Start of Data to process

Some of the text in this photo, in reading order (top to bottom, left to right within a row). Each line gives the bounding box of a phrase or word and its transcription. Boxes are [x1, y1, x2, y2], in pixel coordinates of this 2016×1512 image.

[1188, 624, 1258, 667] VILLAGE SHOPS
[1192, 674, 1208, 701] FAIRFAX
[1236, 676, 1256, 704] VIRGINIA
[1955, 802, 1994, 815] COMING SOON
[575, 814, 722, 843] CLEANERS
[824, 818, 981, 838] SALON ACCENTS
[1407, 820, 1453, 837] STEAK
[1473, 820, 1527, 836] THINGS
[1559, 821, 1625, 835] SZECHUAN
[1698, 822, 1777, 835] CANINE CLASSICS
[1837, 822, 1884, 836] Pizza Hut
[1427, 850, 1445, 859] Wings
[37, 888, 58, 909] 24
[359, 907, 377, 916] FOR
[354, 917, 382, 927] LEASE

End of Data to process

Exercise directions: The output should match the records above exactly, entry for entry.

Solution to the exercise:
Some of the text in this photo, in reading order (top to bottom, left to right within a row). Each line gives the bounding box of a phrase or word and its transcription. Boxes are [x1, y1, x2, y2], in pixel coordinates of this 2016×1512 image.

[1188, 624, 1258, 667] VILLAGE SHOPS
[1192, 674, 1208, 701] FAIRFAX
[1236, 676, 1256, 704] VIRGINIA
[1955, 802, 1994, 815] COMING SOON
[575, 814, 722, 843] CLEANERS
[824, 818, 981, 838] SALON ACCENTS
[1407, 820, 1453, 837] STEAK
[1473, 820, 1527, 836] THINGS
[1559, 821, 1625, 835] SZECHUAN
[1698, 822, 1777, 835] CANINE CLASSICS
[1837, 822, 1884, 836] Pizza Hut
[1427, 850, 1445, 859] Wings
[37, 888, 58, 909] 24
[359, 907, 377, 916] FOR
[354, 917, 382, 927] LEASE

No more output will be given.